◆ **What you will do**
Transcribe word for word the lines spanning the line with "this 1600×1600 image." through the end of the records.

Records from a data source
- Opening Delimiter -
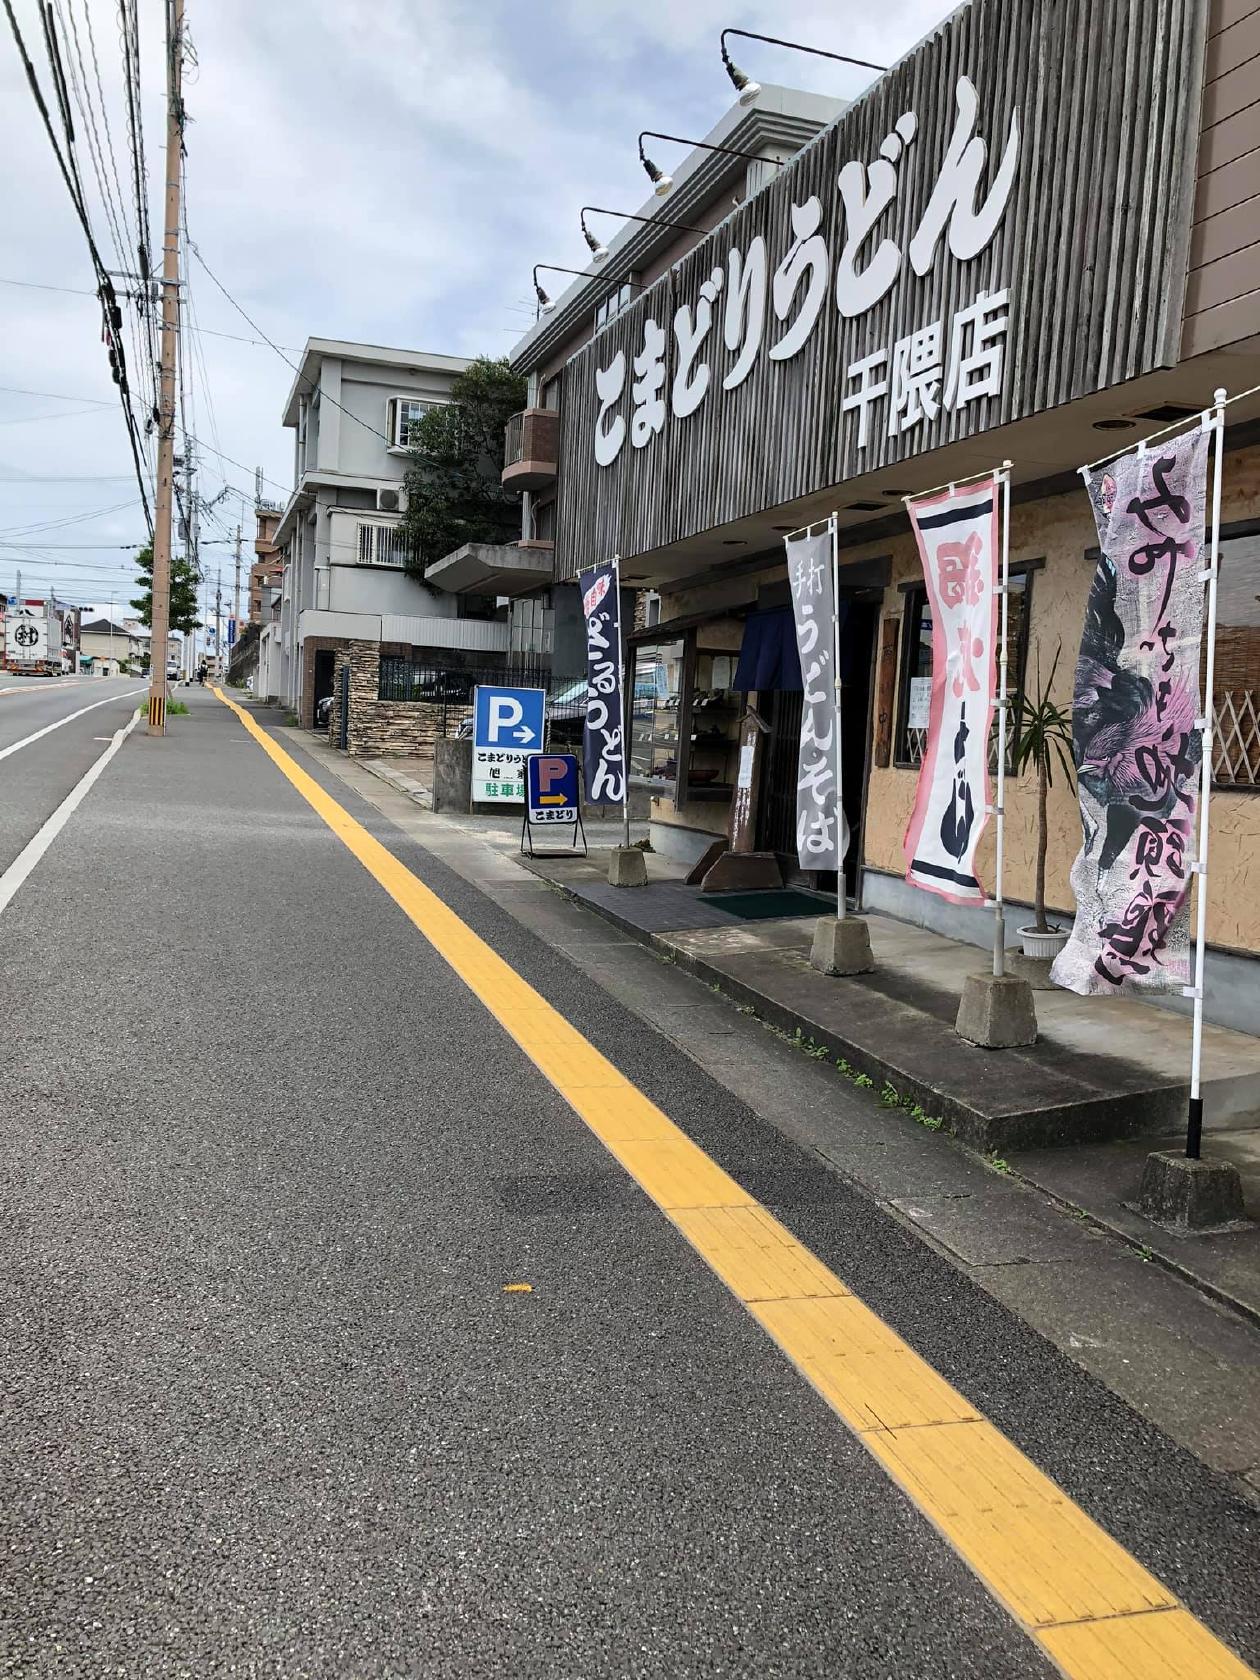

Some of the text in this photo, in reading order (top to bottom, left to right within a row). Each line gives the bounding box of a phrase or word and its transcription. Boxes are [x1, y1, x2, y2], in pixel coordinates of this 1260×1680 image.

[595, 75, 1021, 467] こまどりうどん
[844, 287, 1011, 449] 干隈店
[488, 696, 523, 742] P
[538, 758, 569, 792] P
[535, 809, 573, 821] こまどり
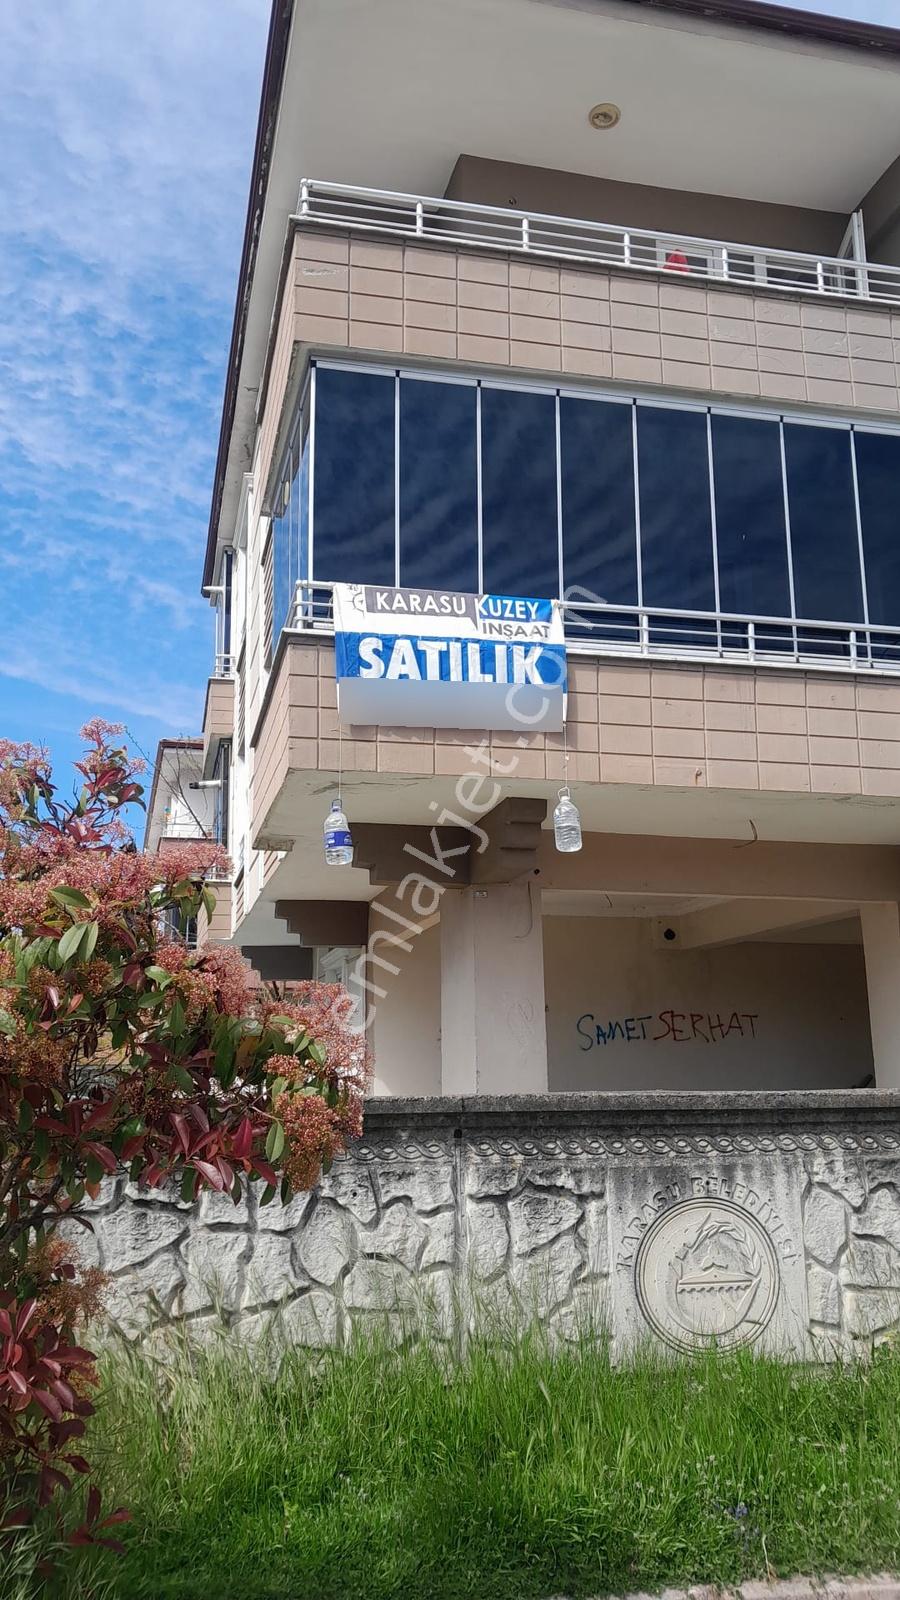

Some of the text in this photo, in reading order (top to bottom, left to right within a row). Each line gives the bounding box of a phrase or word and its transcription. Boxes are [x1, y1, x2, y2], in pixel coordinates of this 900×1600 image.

[376, 592, 539, 619] KARASU KUZEY
[482, 620, 550, 639] İNŞAAT
[358, 637, 544, 685] SATILIK
[653, 1010, 758, 1042] SERHAT
[616, 1182, 681, 1273] KARASU
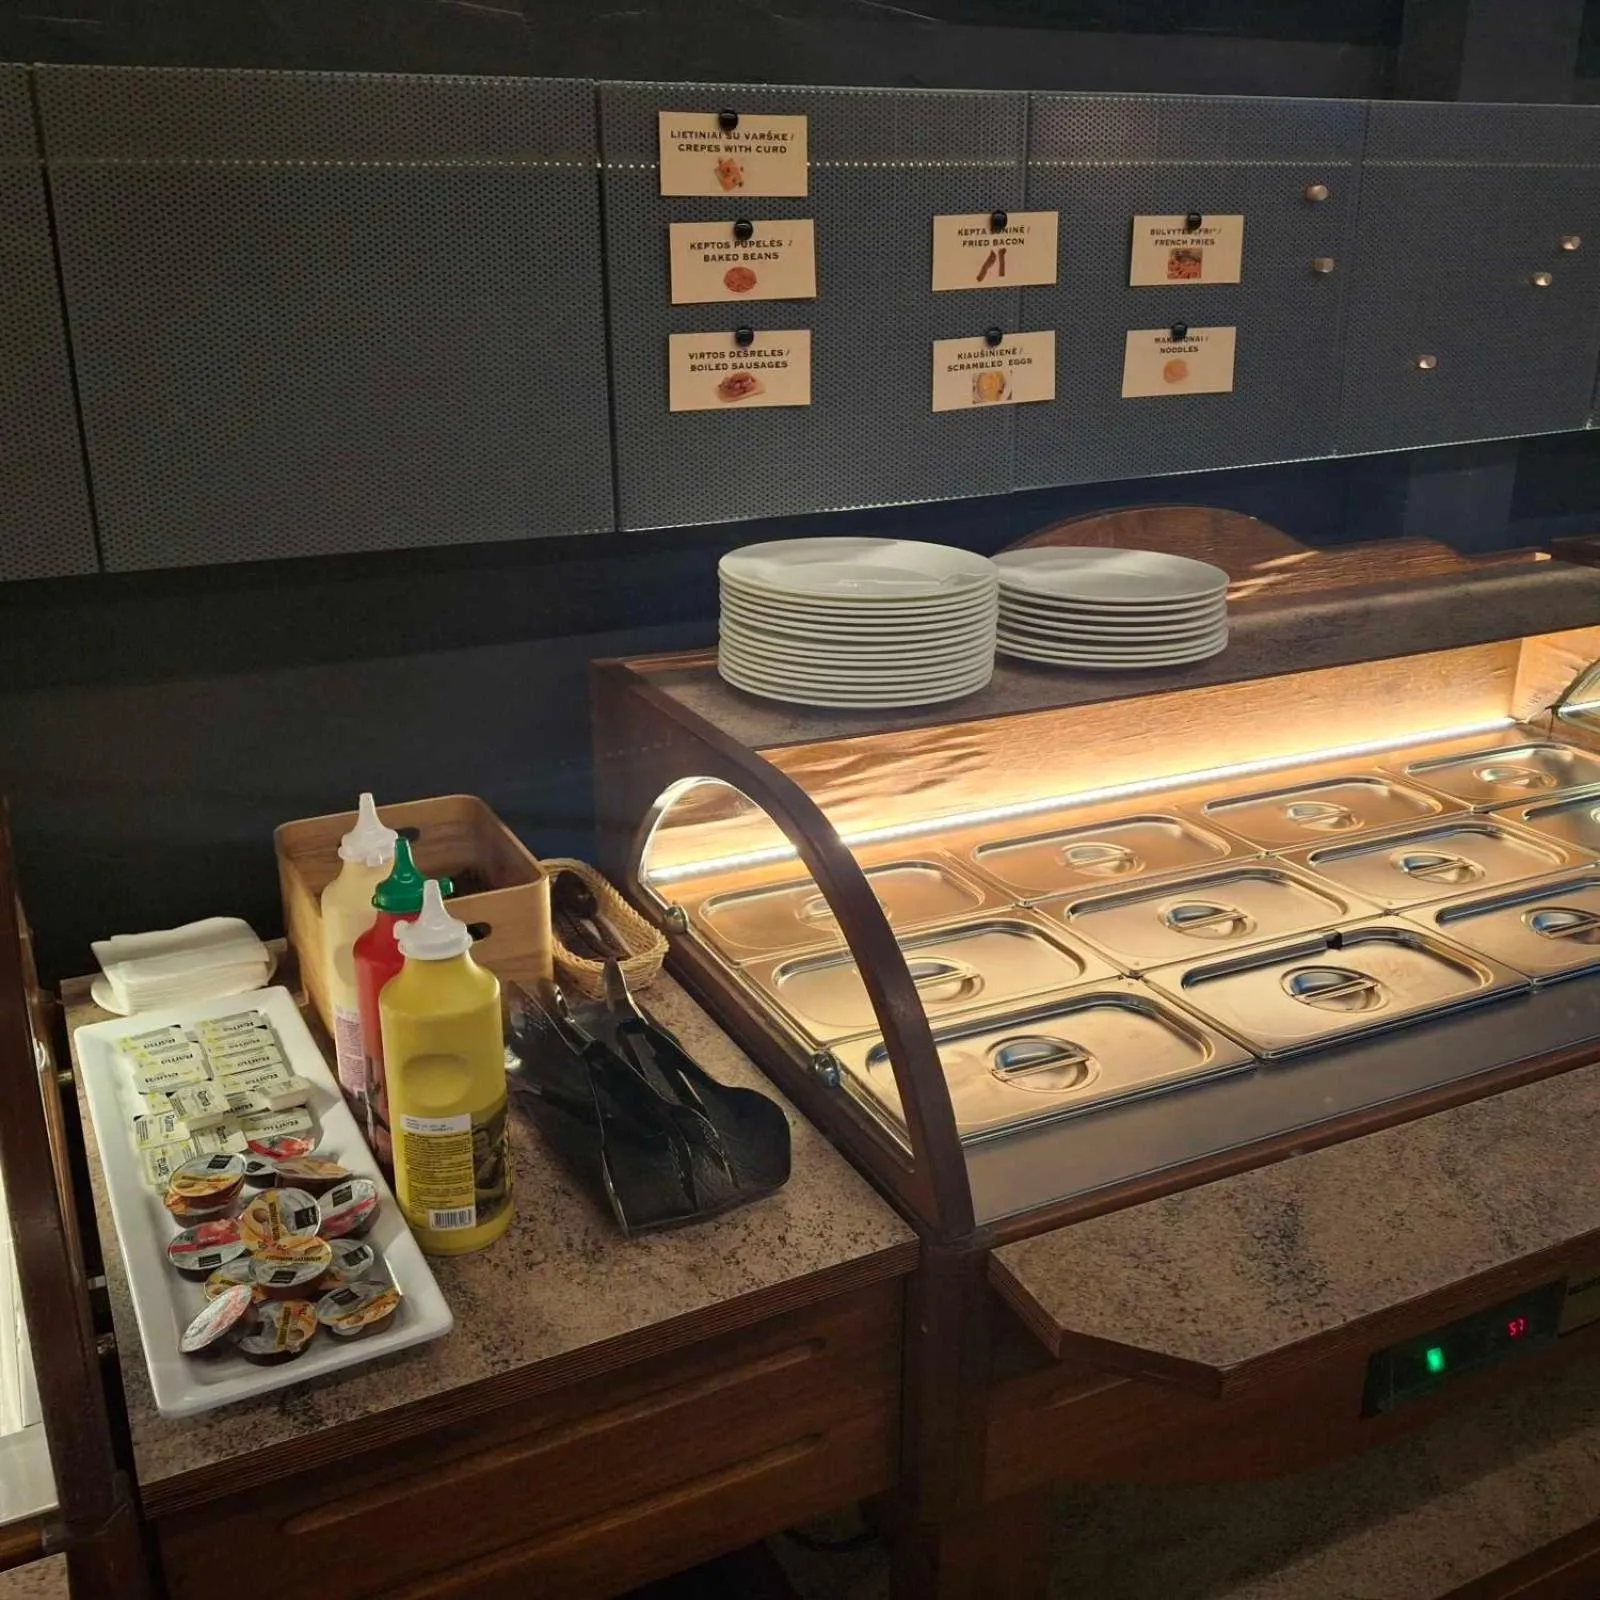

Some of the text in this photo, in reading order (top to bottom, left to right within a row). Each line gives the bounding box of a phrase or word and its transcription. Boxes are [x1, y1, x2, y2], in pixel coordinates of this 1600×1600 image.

[670, 130, 722, 140] LIETINIAI
[725, 131, 740, 140] SU
[678, 143, 787, 154] CREPES WITH CURD
[957, 227, 987, 236] KEPTA
[690, 241, 731, 250] KEPTOS
[962, 238, 1025, 248] FRIED BACON
[1190, 238, 1215, 246] FRIES
[703, 251, 779, 262] BAKED BEANS
[1160, 345, 1199, 354] NOODLES
[688, 351, 726, 360] VIRTOS
[689, 360, 788, 372] BOILED SAUSAGES
[947, 357, 1033, 373] SCRAMBLED EGGS
- Closing Delimiter -
◆ **Written answer**
Some of the text in this photo, in reading order (top to bottom, left to right within a row). Each line gives the bounding box of a phrase or word and its transcription. Boxes are [x1, y1, x2, y2], in pixel coordinates of this 1600×1600 image.

[670, 130, 722, 140] LIETINIAI
[725, 131, 740, 140] SU
[678, 143, 787, 154] CREPES WITH CURD
[957, 227, 987, 236] KEPTA
[690, 241, 731, 250] KEPTOS
[962, 238, 1025, 248] FRIED BACON
[1190, 238, 1215, 246] FRIES
[703, 251, 779, 262] BAKED BEANS
[1160, 345, 1199, 354] NOODLES
[688, 351, 726, 360] VIRTOS
[689, 360, 788, 372] BOILED SAUSAGES
[947, 357, 1033, 373] SCRAMBLED EGGS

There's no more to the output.